Myth: Shaping Our Minds Through Pleasure and Fear

Strabo, Geography 1.2.8

“For every illiterate and uneducated person is in some way a child and delights in the same way in stories—similar as well is the case of a person educated moderately. For this person is not ruled by reason, and this is the custom from childhood. Since the marvelous is not only sweet but also frightening, there is a need for both types for children and those in the next age. We use the sweet stories to encourage children and the the frightening ones to discourage them. The Lamia, for example, is a story like this, as is that of Ephialtes and Mormolukê.

Many of those who live in cities are compelled toward certain action by incitements of myths when they hear the poets praising the mythical courageous deeds—the deeds of Herakles or Theseus—or the honors accorded from the gods or when they see Zeus in a picture, or cult image, or images signaling the mythical tale in some way. To discourage them, they have tales whenever there are punishments from the gods and fears or threats or things they have received through some tale or unexpected punishment even if they believe it has happened to other people.

For it is not possible to persuade the mass of women and every kind of common person by reason with philosophy and to encourage them to piety, and righteousness, and fidelity; but it is necessary to do this through fear.
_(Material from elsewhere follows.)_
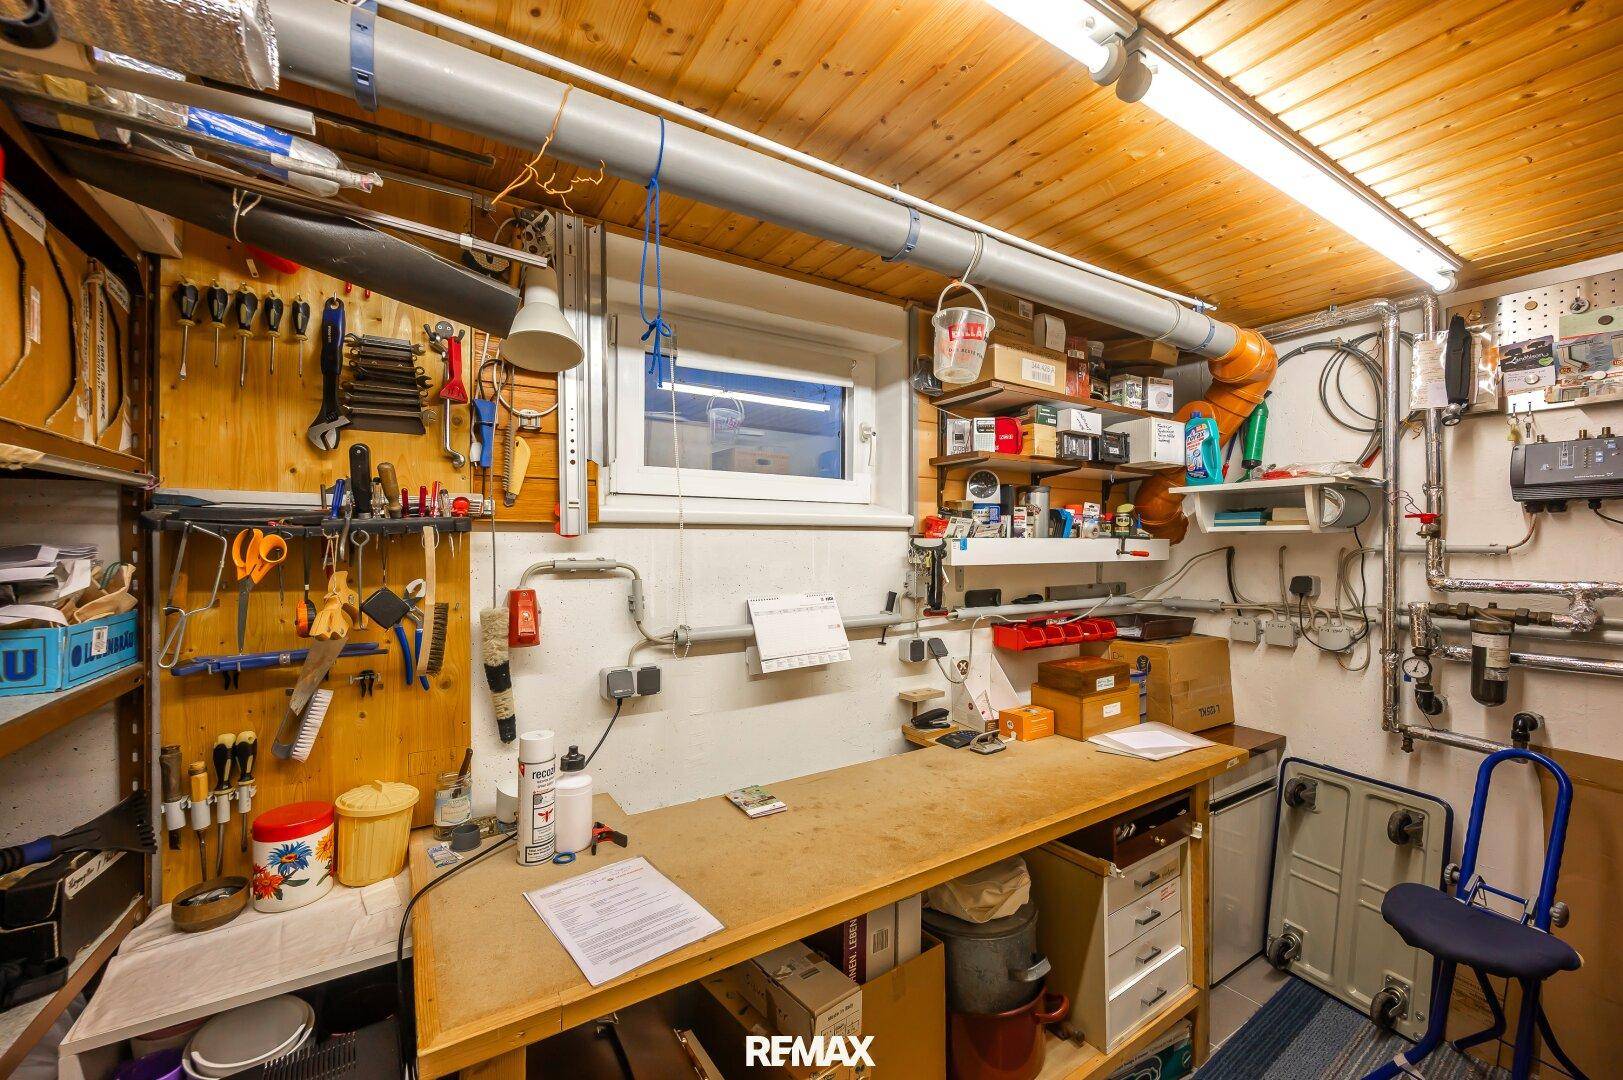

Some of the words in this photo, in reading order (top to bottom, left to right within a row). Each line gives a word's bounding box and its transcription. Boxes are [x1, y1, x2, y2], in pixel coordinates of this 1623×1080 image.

And that is not [possible] without myth-making and wonder. For the lighting, aegis, trident, torches, dragons, thyrsis-shaking, weapons of the gods, the myths and all the ancient theology, these are all things those who found states use as bogeymen for childish minds.

This was myth-making and it was a good support for the commonwealth and the political arrangement of life and the inquiry of the way things really are; the ancients pursued their childhood’s education into their later years and they supposed that every age could become sufficiently prudent through poetry. In later years, the writing of history and then philosophy entered our consciousness. But these work only for the few; poetry is more useful to the public and can fill the theaters. The poetry of Homer supersedes: but the first historians and natural philosophers were myth-makers as well.”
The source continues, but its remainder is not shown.